## Description of the task
Write out the records beneath this line exactly as they appear, minus any images.

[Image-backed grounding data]
>>
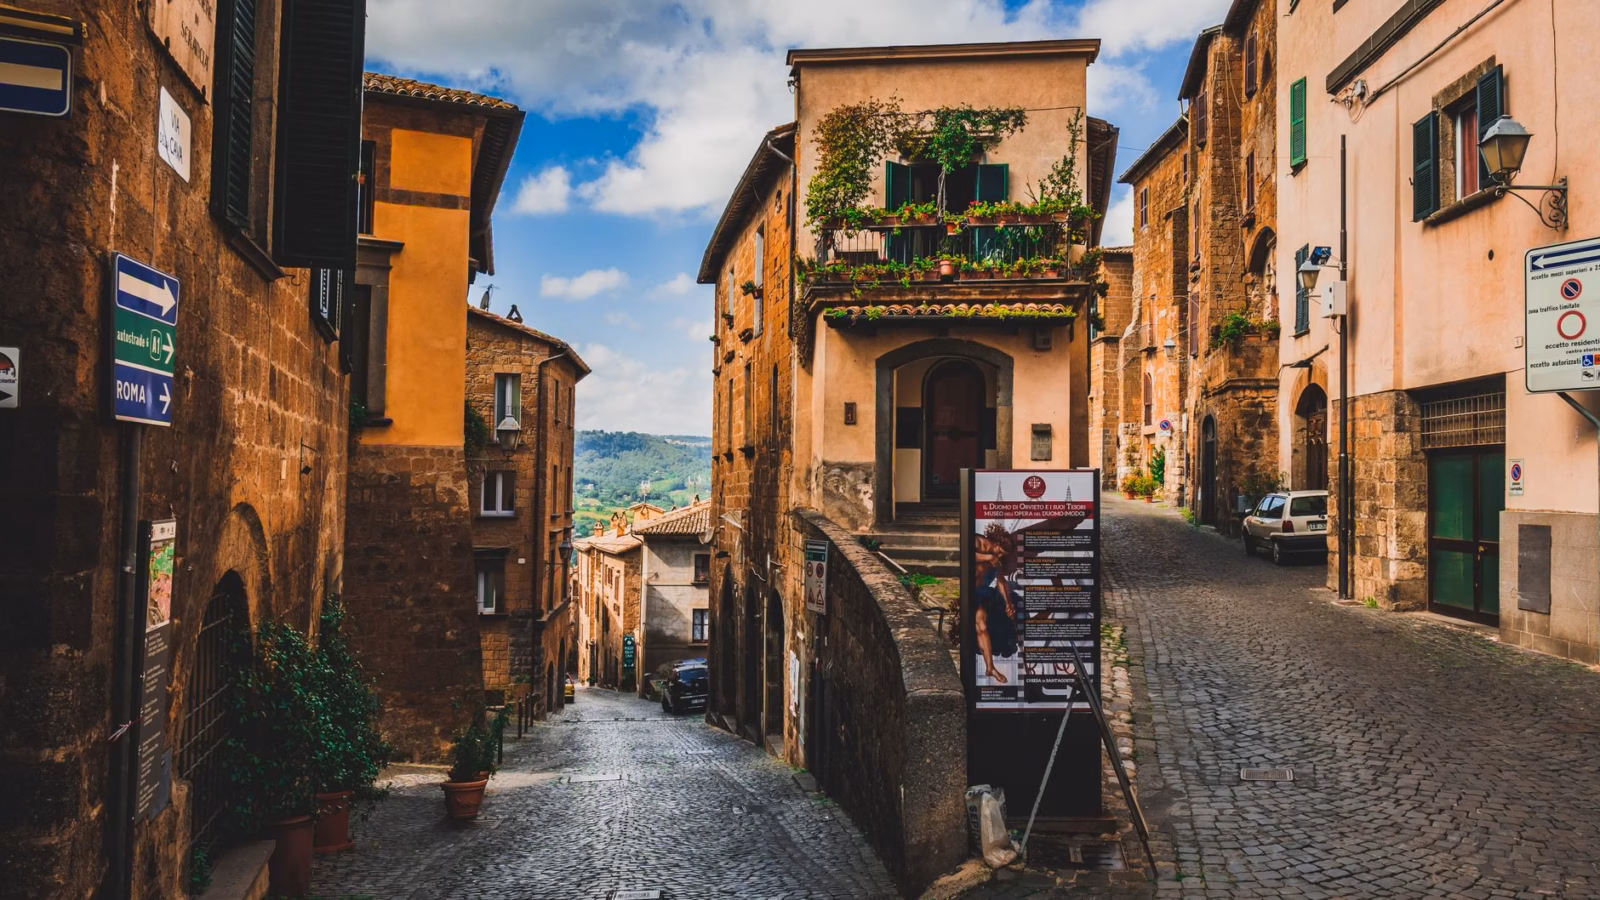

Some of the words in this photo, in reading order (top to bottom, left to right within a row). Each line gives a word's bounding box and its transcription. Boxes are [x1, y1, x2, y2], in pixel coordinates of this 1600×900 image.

[1531, 272, 1549, 281] eccetto
[1550, 270, 1564, 278] mezzi
[1565, 266, 1588, 276] superiori
[1540, 305, 1558, 313] traffico
[1559, 303, 1580, 311] limitato
[117, 329, 146, 348] autostrade
[152, 335, 160, 354] A1
[1545, 342, 1570, 350] eccetto
[1530, 361, 1550, 369] eccetto
[1551, 357, 1582, 367] autorizzati
[116, 380, 146, 404] ROMA
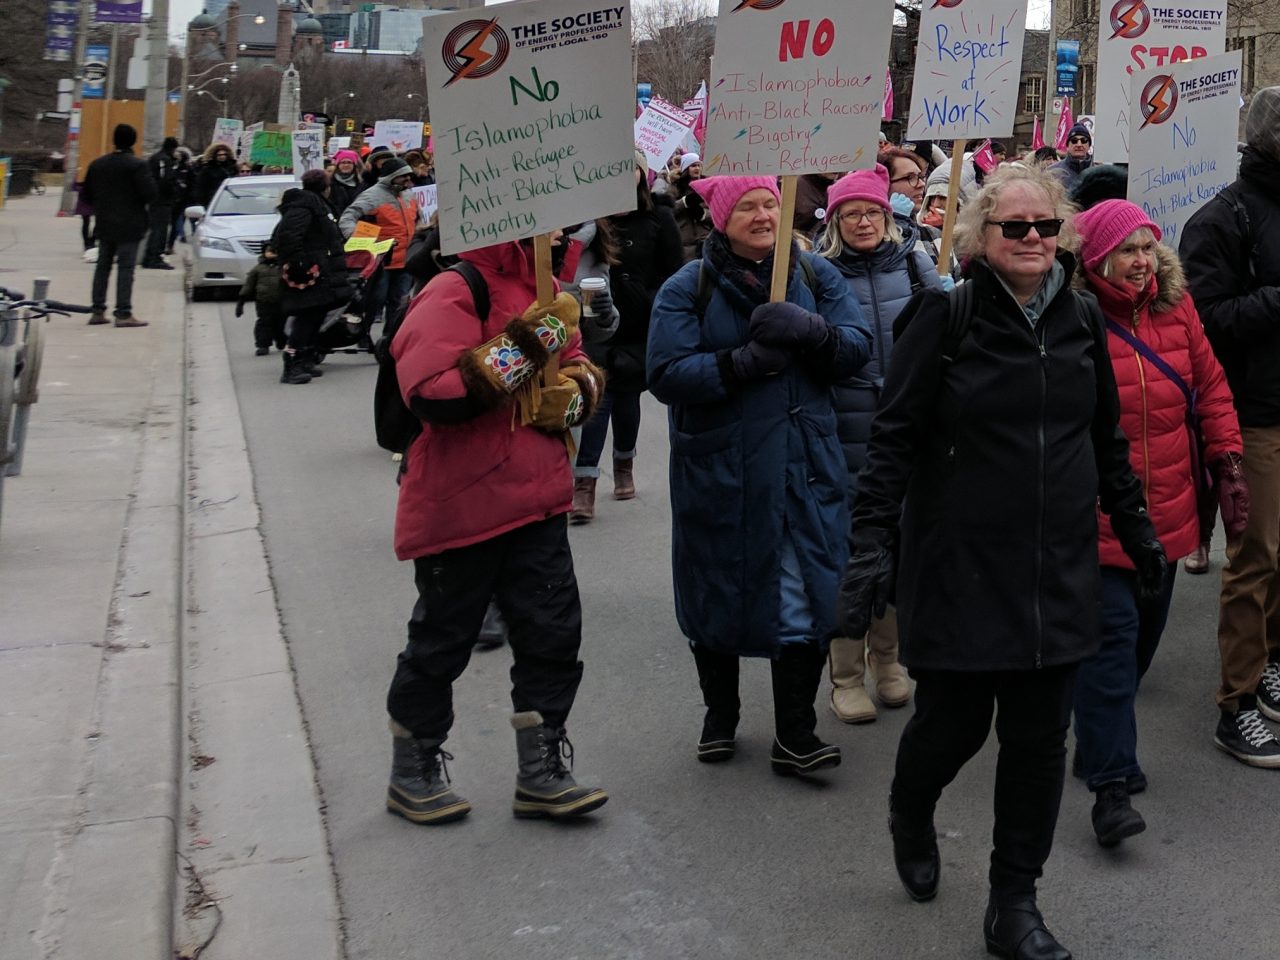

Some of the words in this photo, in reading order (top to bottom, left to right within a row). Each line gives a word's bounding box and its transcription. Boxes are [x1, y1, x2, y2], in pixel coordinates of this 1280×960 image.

[511, 21, 547, 39] THE
[551, 6, 624, 33] SOCIETY
[1152, 8, 1174, 17] THE
[1177, 9, 1223, 20] SOCIETY
[528, 34, 559, 46] ENERGY
[560, 21, 623, 38] PROFESSIONALS
[531, 42, 557, 53] IFPTE
[558, 37, 589, 47] LOCAL
[779, 18, 835, 62] NO
[936, 24, 1009, 68] Respect
[1126, 44, 1207, 75] STOP
[509, 66, 559, 105] No
[727, 66, 865, 97] Islamophobia
[961, 68, 976, 90] at
[1180, 79, 1198, 92] THE
[1199, 69, 1239, 87] SOCIETY
[714, 98, 813, 121] Anti-Black
[822, 98, 873, 116] Racism
[923, 90, 990, 127] Work
[448, 104, 603, 155] Islamophobia
[749, 125, 812, 151] Bigotry
[1173, 116, 1196, 150] No
[459, 145, 578, 191] Anti-Refugee
[780, 146, 851, 171] Refugee
[461, 174, 572, 218] Anti-Black
[573, 158, 635, 185] Racism
[1141, 157, 1217, 194] Islamophobia
[460, 209, 536, 244] Bigotry
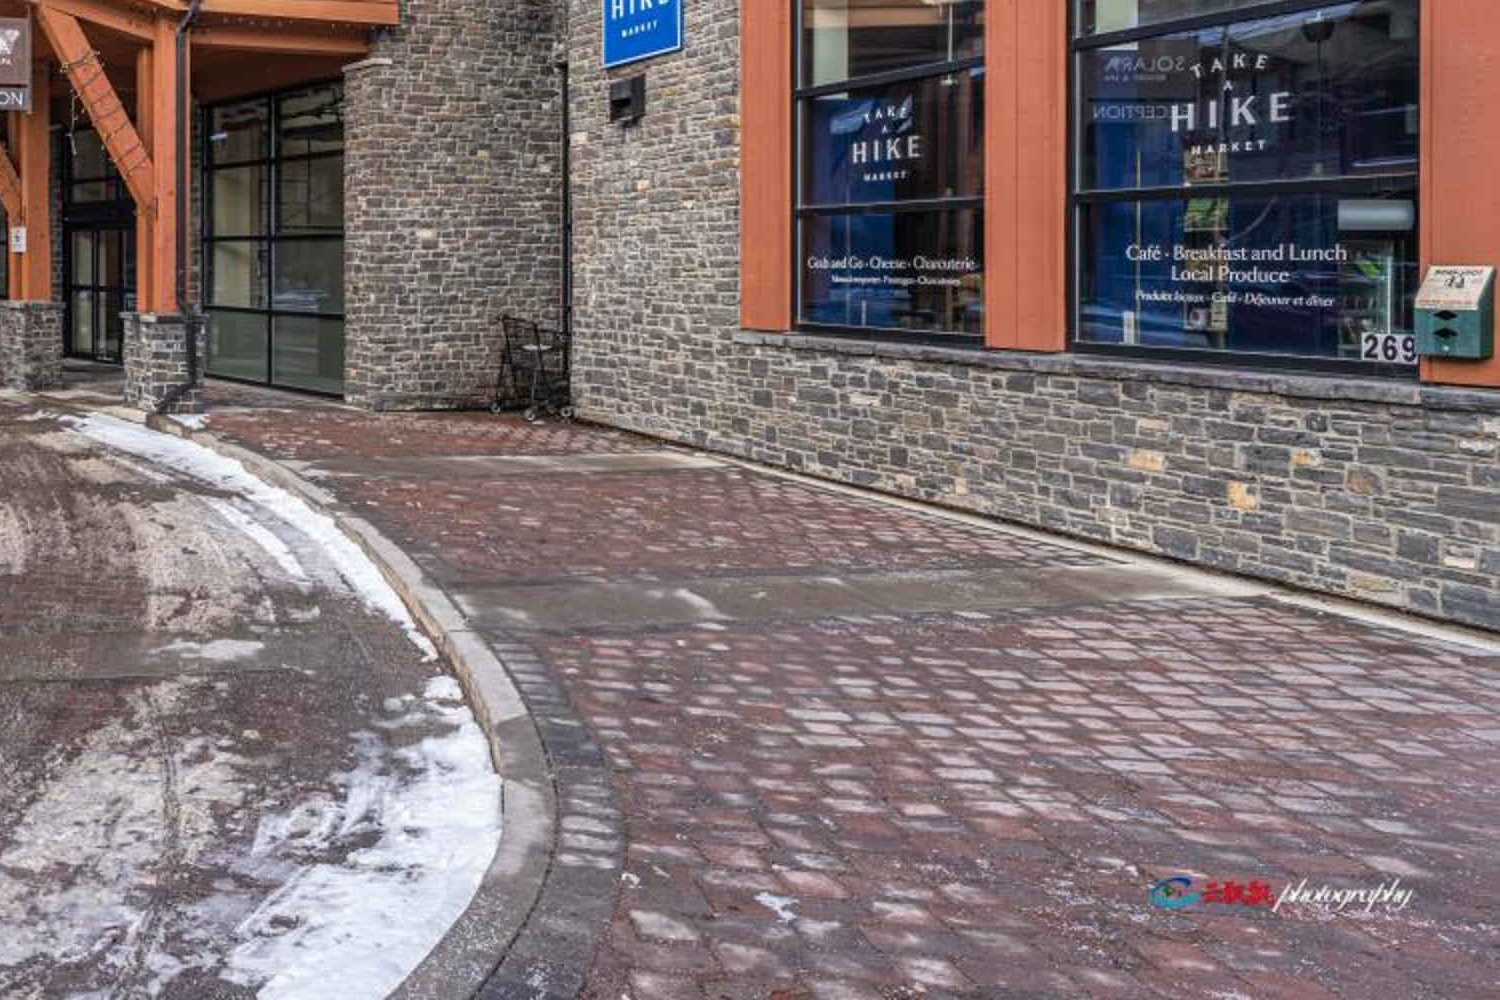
<<
## Response for this exercise
Some of the words in this photo, in reading order (top to bottom, left to right within a row). Each line gives a word's bounding box and its transcription. Boxes are [x1, y1, x2, y2], in pixel coordinates of this 1600×900 image.

[1531, 272, 1549, 281] eccetto
[1550, 270, 1564, 278] mezzi
[1565, 266, 1588, 276] superiori
[1540, 305, 1558, 313] traffico
[1559, 303, 1580, 311] limitato
[117, 329, 146, 348] autostrade
[152, 335, 160, 354] A1
[1545, 342, 1570, 350] eccetto
[1530, 361, 1550, 369] eccetto
[1551, 357, 1582, 367] autorizzati
[116, 380, 146, 404] ROMA

Some of the words in this photo, in reading order (top to bottom, left to right within a row). Each line gives a word's bounding box and its transcription. Boxes are [x1, y1, x2, y2], in pixel coordinates of this 1280×960 image.

[511, 21, 547, 39] THE
[551, 6, 624, 33] SOCIETY
[1152, 8, 1174, 17] THE
[1177, 9, 1223, 20] SOCIETY
[528, 34, 559, 46] ENERGY
[560, 21, 623, 38] PROFESSIONALS
[531, 42, 557, 53] IFPTE
[558, 37, 589, 47] LOCAL
[779, 18, 835, 62] NO
[936, 24, 1009, 68] Respect
[1126, 44, 1207, 75] STOP
[509, 66, 559, 105] No
[727, 66, 865, 97] Islamophobia
[961, 68, 976, 90] at
[1180, 79, 1198, 92] THE
[1199, 69, 1239, 87] SOCIETY
[714, 98, 813, 121] Anti-Black
[822, 98, 873, 116] Racism
[923, 90, 990, 127] Work
[448, 104, 603, 155] Islamophobia
[749, 125, 812, 151] Bigotry
[1173, 116, 1196, 150] No
[459, 145, 578, 191] Anti-Refugee
[780, 146, 851, 171] Refugee
[461, 174, 572, 218] Anti-Black
[573, 158, 635, 185] Racism
[1141, 157, 1217, 194] Islamophobia
[460, 209, 536, 244] Bigotry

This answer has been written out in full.